3. At the outset a preliminary point was taken on behalf of defendant 7, respondent, that no appeal lies in the present instance. It was argued that the order of Rajamannar J. granting a stay, is not a 'judgment' within the contemplation of that word in Clause 15, Letters Patent. Consequently no appeal lies. The relevant wording of the Letters Patent which was added by an amendment made in 1929 is the following:
An appeal shall He to the said High Court from a judgment of one Judge of the said High Court...made in the exercise of appellate jurisdiction in respect of a decree or order made in the exercise of appellate jurisdiction by a Court subject to the superintendence of the said High Court.
The application made to Rajamannar J. was referable to a second appeal then pending before this Court and in dealing with it, there is no doubt, the learned Judge was exercising appellate jurisdiction in respect of a decree or order made in the exercise of appellate jurisdiction by the Subordinate Judge's Court of Guntur, which is subject to the superintendence of this Court.
4. In my view this matter is covered entirely by a decision of a Full Bench of this Court in Tuljaram v.

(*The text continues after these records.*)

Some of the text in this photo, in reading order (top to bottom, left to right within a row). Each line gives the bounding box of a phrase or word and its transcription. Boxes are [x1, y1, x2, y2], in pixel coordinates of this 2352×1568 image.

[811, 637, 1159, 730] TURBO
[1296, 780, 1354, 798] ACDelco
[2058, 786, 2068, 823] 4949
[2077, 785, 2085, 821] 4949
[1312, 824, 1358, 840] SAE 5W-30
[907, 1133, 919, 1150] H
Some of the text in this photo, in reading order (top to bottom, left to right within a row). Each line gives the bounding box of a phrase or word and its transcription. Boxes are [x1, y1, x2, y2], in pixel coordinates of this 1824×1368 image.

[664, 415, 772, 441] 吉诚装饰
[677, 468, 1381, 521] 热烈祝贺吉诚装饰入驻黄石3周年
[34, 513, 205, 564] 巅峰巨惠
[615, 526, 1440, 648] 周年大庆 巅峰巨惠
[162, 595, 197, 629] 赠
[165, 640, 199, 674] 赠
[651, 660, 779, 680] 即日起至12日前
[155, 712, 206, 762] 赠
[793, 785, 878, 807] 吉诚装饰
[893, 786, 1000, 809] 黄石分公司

Alagappa Chettiar (1912) 35 Mad. 1 There, Sir Arnold While C. J. observed at p. 7 as follows:
I think, too, an order on an independent proceeding which is ancillary to the suit...but with a view to rendering the judgment effective if obtained, e g., an order on an application for interim injunction, or for the appointment of a receiver is a 'judgment' within the meaning of the clause.
Later on the same page he observes:
I think the decision may be a judgment for the purpose of the Section though it does not affect the merits of the suit or proceeding and does not determine any question of right raised in the suit or proceeding.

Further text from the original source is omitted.